Data extracts ->
..........

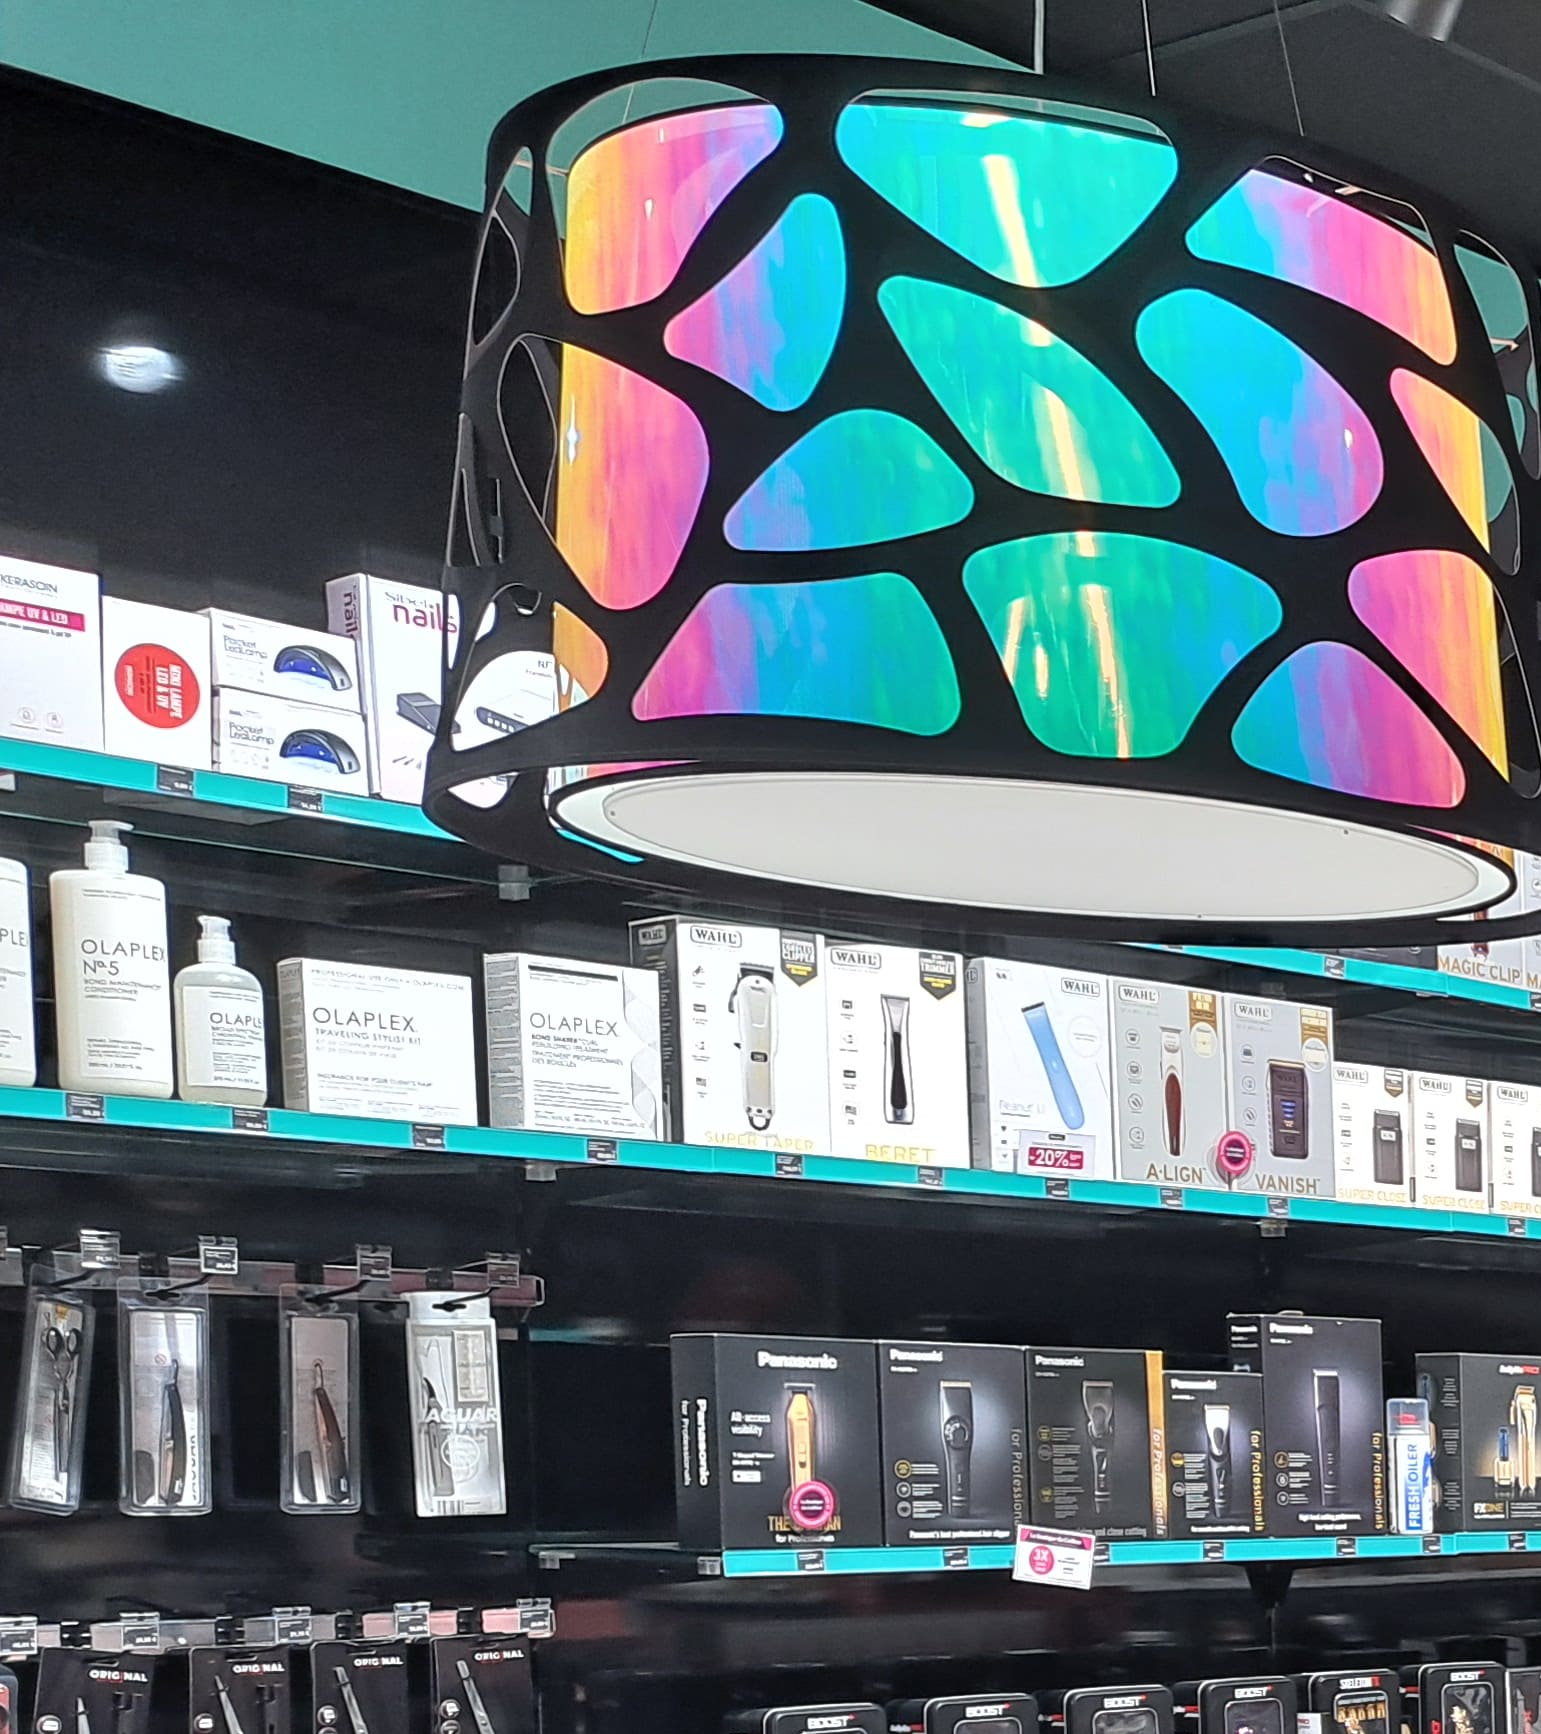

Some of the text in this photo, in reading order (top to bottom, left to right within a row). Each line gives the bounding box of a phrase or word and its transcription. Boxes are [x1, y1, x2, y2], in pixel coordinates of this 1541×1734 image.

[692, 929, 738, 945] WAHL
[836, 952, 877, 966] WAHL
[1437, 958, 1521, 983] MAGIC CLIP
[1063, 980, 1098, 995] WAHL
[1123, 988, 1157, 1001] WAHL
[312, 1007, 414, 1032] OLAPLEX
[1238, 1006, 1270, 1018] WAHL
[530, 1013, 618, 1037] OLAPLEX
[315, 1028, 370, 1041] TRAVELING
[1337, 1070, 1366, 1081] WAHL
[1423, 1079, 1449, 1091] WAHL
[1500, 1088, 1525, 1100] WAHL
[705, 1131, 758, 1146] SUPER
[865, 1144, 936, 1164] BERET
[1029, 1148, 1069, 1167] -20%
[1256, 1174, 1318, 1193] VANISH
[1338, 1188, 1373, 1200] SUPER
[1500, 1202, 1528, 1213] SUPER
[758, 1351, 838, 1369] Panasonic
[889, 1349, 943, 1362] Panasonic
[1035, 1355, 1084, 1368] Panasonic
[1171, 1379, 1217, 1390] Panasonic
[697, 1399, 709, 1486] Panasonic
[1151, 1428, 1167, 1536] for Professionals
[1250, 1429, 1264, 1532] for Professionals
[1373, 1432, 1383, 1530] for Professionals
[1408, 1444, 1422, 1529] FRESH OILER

..........

Exercise -> Your response must restate every record above exactly, with each picture omitted.

Reply ->
Some of the text in this photo, in reading order (top to bottom, left to right within a row). Each line gives the bounding box of a phrase or word and its transcription. Boxes are [x1, y1, x2, y2], in pixel coordinates of this 1541×1734 image.

[692, 929, 738, 945] WAHL
[836, 952, 877, 966] WAHL
[1437, 958, 1521, 983] MAGIC CLIP
[1063, 980, 1098, 995] WAHL
[1123, 988, 1157, 1001] WAHL
[312, 1007, 414, 1032] OLAPLEX
[1238, 1006, 1270, 1018] WAHL
[530, 1013, 618, 1037] OLAPLEX
[315, 1028, 370, 1041] TRAVELING
[1337, 1070, 1366, 1081] WAHL
[1423, 1079, 1449, 1091] WAHL
[1500, 1088, 1525, 1100] WAHL
[705, 1131, 758, 1146] SUPER
[865, 1144, 936, 1164] BERET
[1029, 1148, 1069, 1167] -20%
[1256, 1174, 1318, 1193] VANISH
[1338, 1188, 1373, 1200] SUPER
[1500, 1202, 1528, 1213] SUPER
[758, 1351, 838, 1369] Panasonic
[889, 1349, 943, 1362] Panasonic
[1035, 1355, 1084, 1368] Panasonic
[1171, 1379, 1217, 1390] Panasonic
[697, 1399, 709, 1486] Panasonic
[1151, 1428, 1167, 1536] for Professionals
[1250, 1429, 1264, 1532] for Professionals
[1373, 1432, 1383, 1530] for Professionals
[1408, 1444, 1422, 1529] FRESH OILER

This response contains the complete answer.